Para entendermos melhor, abaixo há uma animação da hemodinâmica de um átrio saudável. 

 

Animação 1: Hemodinâmica de um átrio saudável

 

Perceba que ao final do ciclo cardíaco (t/T > 0,8) há uma contração na região do apêndice, expelindo o sangue parado no apêndice para fora e assim renovando o sangue para o ciclo posterior.
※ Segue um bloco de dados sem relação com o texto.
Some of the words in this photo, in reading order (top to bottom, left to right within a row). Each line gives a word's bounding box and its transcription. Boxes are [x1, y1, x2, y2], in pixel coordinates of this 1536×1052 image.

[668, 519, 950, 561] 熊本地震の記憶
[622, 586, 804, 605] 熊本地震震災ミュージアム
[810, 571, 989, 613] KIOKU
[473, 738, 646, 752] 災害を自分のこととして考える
Essa contração serve de mecanismo de proteção contra a formação de coágulos em pessoas saudáveis. (OBS.: t/T é o tempo do ciclo cardíaco, dividido pelo tempo total do ciclo cardíaco, isto é,  t/T = 0,8 indica que em cerca de 80% do ciclo ocorre a contração)

 

Para ilustrar, é interessante analisar o resultado obtido de simulações da hemodinâmica de dois átrios esquerdo Vale ressaltar que as geometrias têm características morfológicas distintas, visto que correspondem a diferentes organismos. As animações abaixo mostram os resultados obtidos referente ao campo de velocidade e cisalhamento: (OBS: A primeira geometria é menor do que a segunda geometria, então vamos chamar de “átrio pequeno” e “átrio grande”, respectivamente.) 
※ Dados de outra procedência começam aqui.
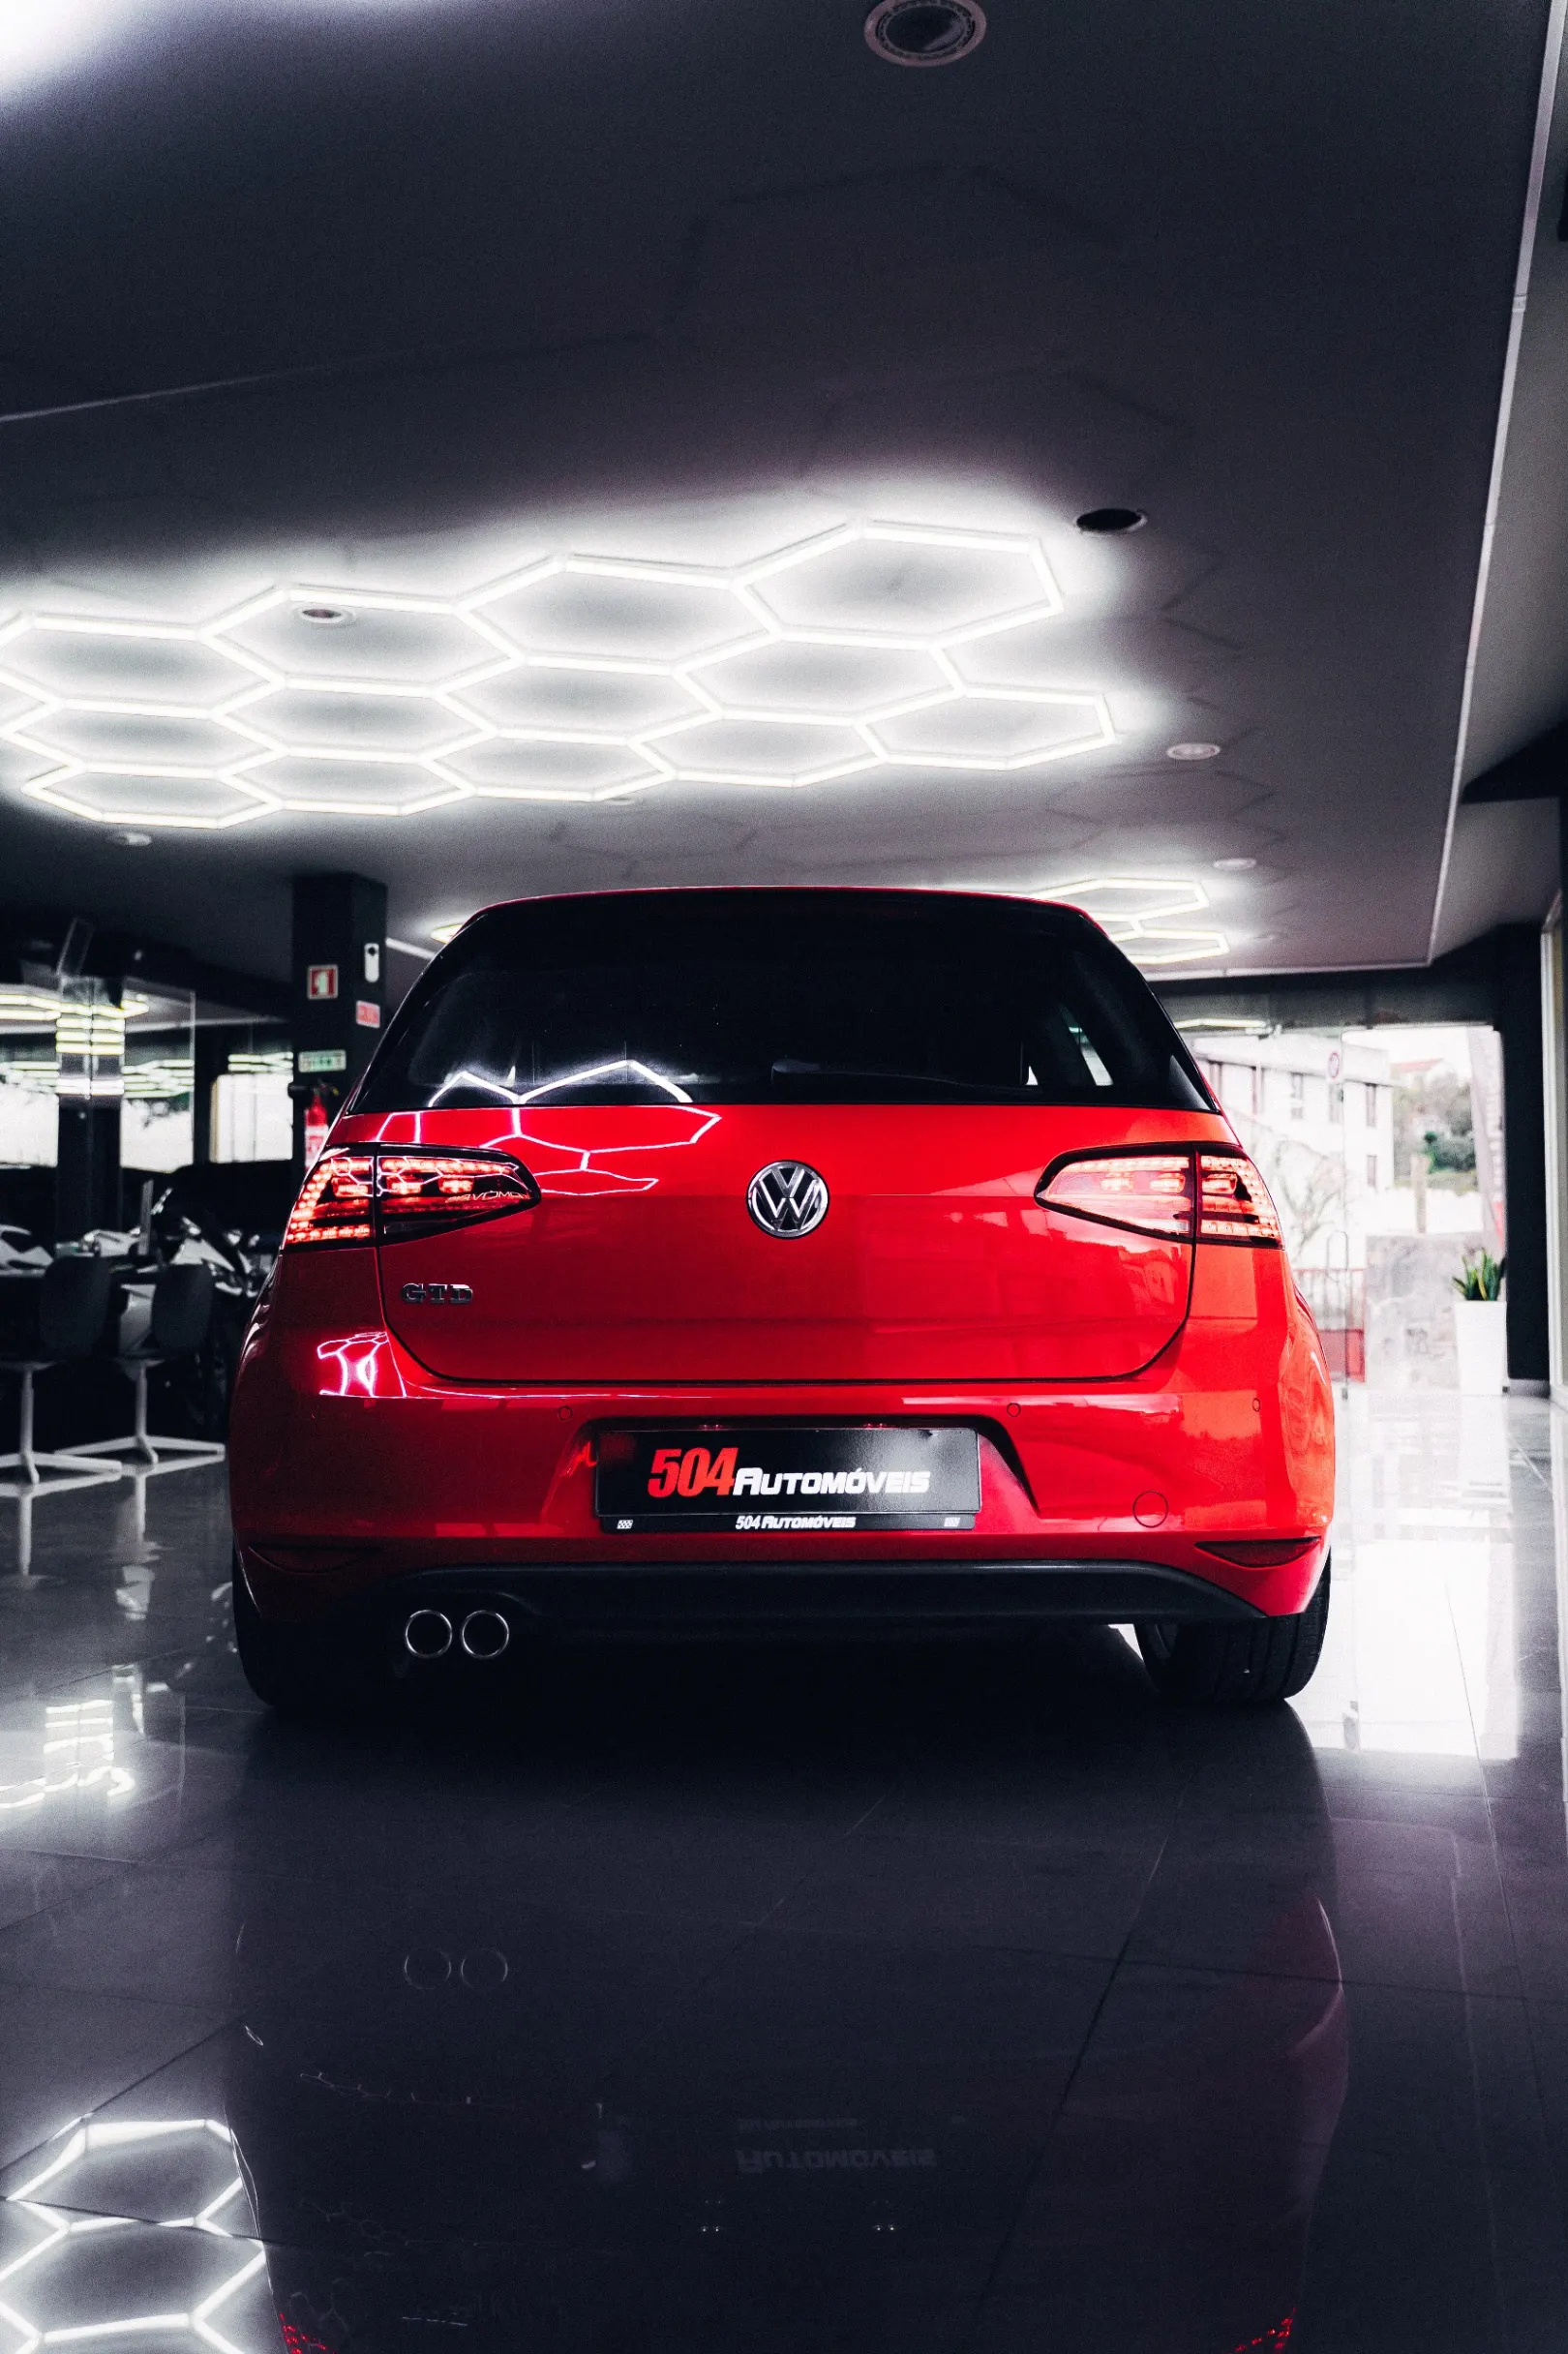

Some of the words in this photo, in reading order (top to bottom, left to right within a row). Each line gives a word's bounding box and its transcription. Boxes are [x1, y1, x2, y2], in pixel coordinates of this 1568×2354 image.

[749, 1162, 825, 1236] VW
[401, 1283, 472, 1304] GTD
[648, 1447, 738, 1497] 504
[736, 1515, 761, 1529] 504
Animação 2: Resultados tensão de cisalhamento

Vamos analisar essas simulações?

 

Como vimos acima, tensão nada mais é que uma relação de força pela área e na simulação podemos perceber com clareza a influência da área das geometrias. Como o próprio nome já diz, a geometria do átrio pequeno é menor do que a do átrio grande e assim, a tensão de cisalhamento acaba sendo maior na primeira geometria. É interessante fazer um paralelo ao que estudamos acima, onde vimos que as células endoteliais do coração respondem a esses níveis de cisalhamento. A região do apêndice nas duas simulações têm níveis muito baixos, o que levaria à trombogênese intrínseca.

 

Animação 3: Resultados velocidade

Ao avaliar a velocidade de escoamento, podemos perceber algumas coisas. Como vimos, para um fluxo constante, uma menor área da seção transversal resulta em uma maior velocidade de fluxo. Na primeira geometria é evidente que o tamanho das veias é menor comparado à geometria do átrio grande, principalmente a veia pulmonar inferior esquerda onde é possível perceber uma velocidade muito maior (representada conforme a legenda com a cor vermelha).

 

Além disso, podemos perceber que o fluxo dentro do átrio tem diversas áreas de recirculação e uma velocidade baixa no apêndice. Isso ocorre principalmente no átrio pequeno onde o apêndice é mais profundo e há uma área menor que conecta a câmara atrial e o apêndice.

 


REFERÊNCIAS BIBLIOGRÁFICAS:

HALL, JOHN, E. E MICHAEL E. HALL. Guyton & Hall – Tratado de Fisiologia Médica. Disponível em: Minha Biblioteca, (14th edição). Grupo GEN, 2021.

JACOB, STANLEY W. FRANCONE, CLARICE ASHWORTH; LOSSOW, WALTER J. Anatomia e fisiologia humana. Tradução de Carlos Miguel Gomes Sequeira. 5. ed. Rio de Janeiro, RJ: Guanabara Koogan

 

SILVERTHORN, DEE U. Fisiologia Humana. Disponível em: Minha Biblioteca, 7a. edição. Artmed, 2017.

WHITEMAN, SHINELLE et al. An anatomical review of the left atrium. Translational Research in Anatomy, 2019. Volume 17, 100052, ISSN 2214-854X, https://doi.org/10.1016/j.tria.2019.100052. Disponível em: (https://www.sciencedirect.com/science/article/pii/S2214854X19300512)

DRAKE, RICHARD L. et al. Gray ‘s Anatomia para Estudantes. Vol. 2 Tradução de Cristiane Regina Ruiz et al. Rio de Janeiro: Elsevier, 2010.